Welcome to the Smiling Coast: Living in the Gambia Ghetto

29 giovedì Mar 2018

Posted by claudialaferla in 2018, Africa, Cinema, Cinema africano, Claudia La Ferla, Collettivo Antigone, Gambia, Restiamo umani, Senza categoria, Tornate a Casa Vostra

≈ Lascia un commento

Tag

Africa, Bas Ackermann, Cinema, Claudia La Ferla, Documentario, Emiel Martens, Gambia, Living in the gambian ghetto, Tornate a Casa Vostra, Welcome to the Smiling Coast

Welcome to the Smiling Coast: Living in the Gambian Ghetto è un documentario che offre una particolare quanto rara visione della vita di un paese in cui quotidianità vuol dire speranza e difficoltà. Il film segue, così, le giornate di quindici ragazzi che lottano per sbarcare il lunario vivendo ai margini dell’industria del turismo. Anche il più piccolo paese dell’Africa occidentale, il Gambia, è diventato, infatti, una popolare destinazione per le vacanze dei turisti europei. Dal 2005 il paese riceve in genere oltre 100.000 visitatori stranieri ogni anno, guadagnandosi la reputazione di Costa del Sol africana. Lo stesso titolo conduce, già, lo spettatore al cuore del problema e al nocciolo delle questioni su cui si vuole indagare: la costa felice meta di vacanze di lusso contro la realtà del ghetto. Molti gambiani, in particolare i giovani, risiedono nei quartieri poveri che sorgono ironicamente a pochi passi di distanza dagli alberghi turistici e dalle spiagge. Il netto contrasto tra le strutture di lusso e la vita povera e arrangiata del popolo, si fa così nettamente evidente attraverso una linea di confine che separa il sogno dalla realtà, il benessere dalla fame, un mondo da un sotto-mondo.

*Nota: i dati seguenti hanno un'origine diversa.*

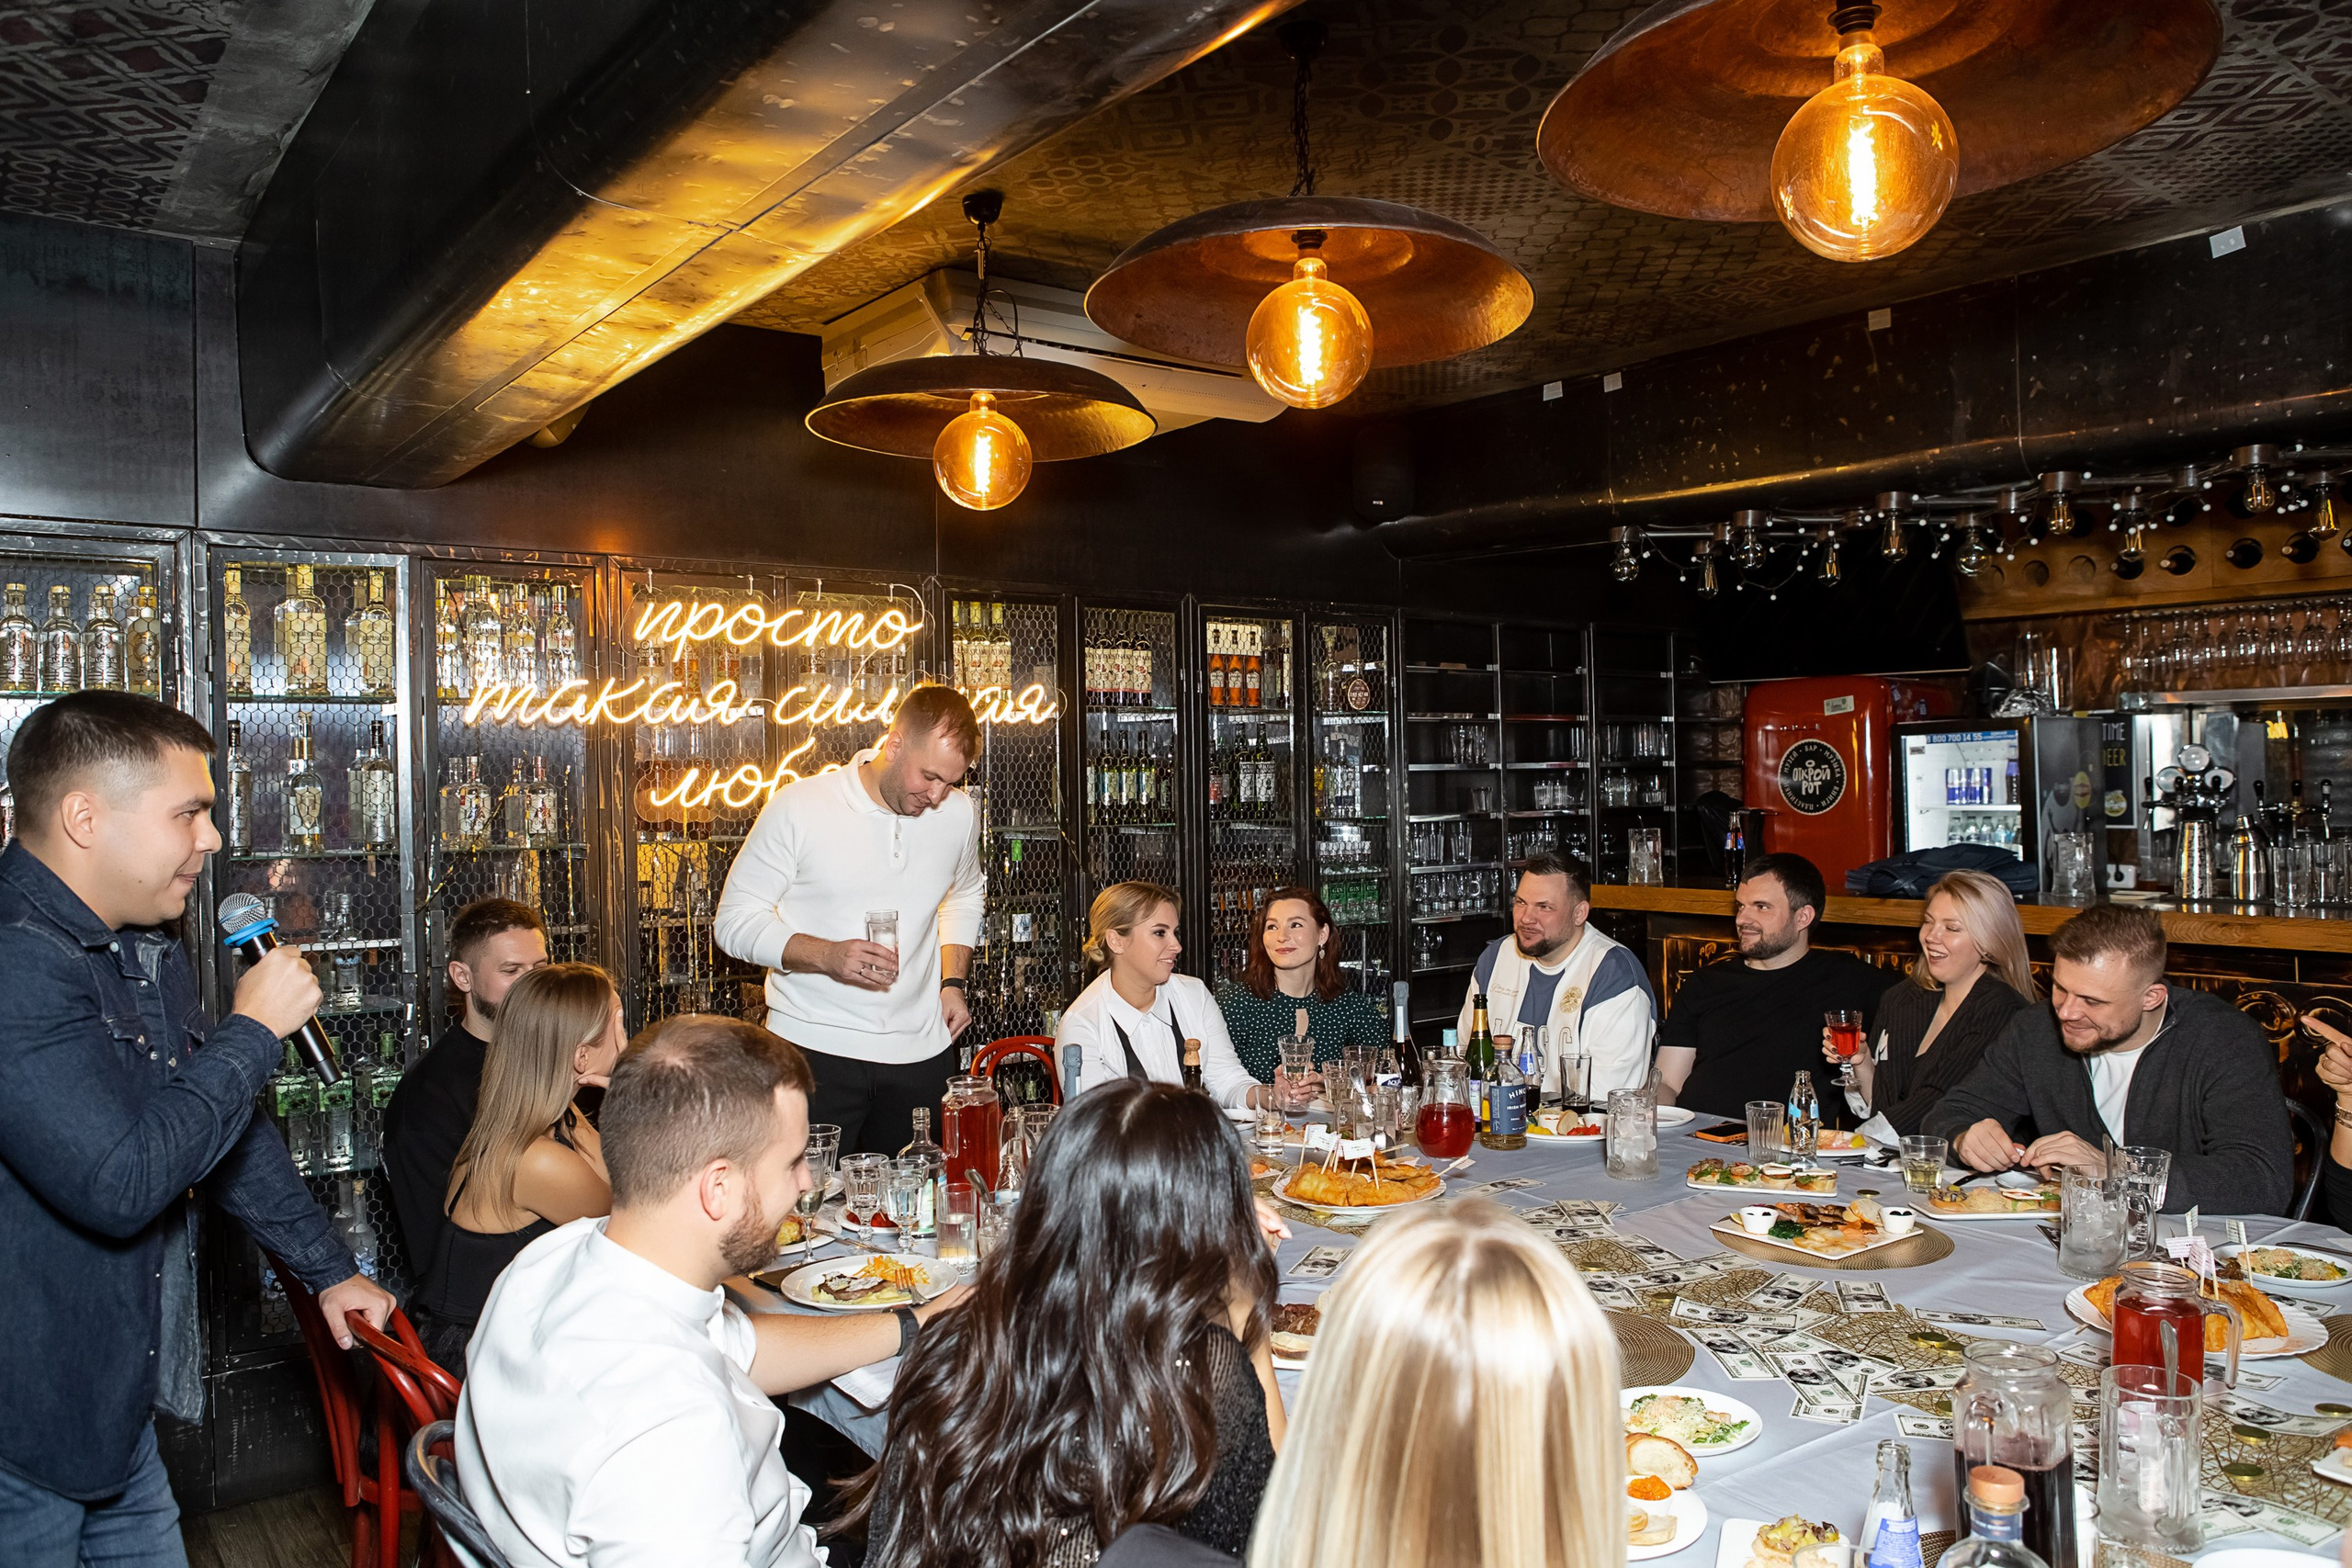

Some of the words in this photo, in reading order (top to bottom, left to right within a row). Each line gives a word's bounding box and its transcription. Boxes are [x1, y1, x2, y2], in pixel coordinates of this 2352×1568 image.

Nel corso degli ultimi anni, il Gambia è diventato una meta scelta prevalentemente da donne bianche e anziani in cerca di sole e mare o turisti interessati ad una vacanza meramente sessuale. Questa è la triste realtà che sta investendo questo paese al pari di tante altre destinazioni orientali che vedono le donne ma soprattutto le bambine schiave e vittime di una ormai consolidata abitudine conosciuta come turismo sessuale. Spinte dalla povertà e dalla disperazione – in nessuno di questi casi è accostabile il termine vita se non nell’accezione di mera sopravvivenza – sfruttano il loro corpo come fonte di guadagno. In quest’ottica, il turista bianco lo trasforma in semplice oggetto del proprio piacere incluso nel suo pacchetto vacanze di lusso.

omslagfoto

I giovani gambiani raccontano nel corso del documentario la loro vita creando, spesso, uno strano corto circuito tra i loro occhi traditi dalla stanchezza e dalla tristezza e le loro labbra sorridenti che riescono comunque a pronunciare parole d’amore per quella terra martoriata. Cercano di cavalcare l’ondata di turismo crescente in modo da guadagnarsi da vivere e lo fanno offrendo servizi di taxi ed escursioni oppure arrangiandosi come musicisti di strada o come procacciatori di donne per i turisti che vanno lì solo alla ricerca di sesso. Il film mostra, quindi, le strategie creative che i ragazzi usano per riuscire a sbarcare il lunario e l’impatto che il turismo ha avuto su questa piccola nazione africana, attraverso uno sguardo critico ma leggero con la presenza di molta bella musica ad accompagnare le immagini. Mostrando le loro lotte, speranze e sogni, il documentario restituisce un volto umano alla realtà che sta dietro lo scintillio della Costa del Sol dell’Africa, fatto di resistenza e desideri da voler realizzare.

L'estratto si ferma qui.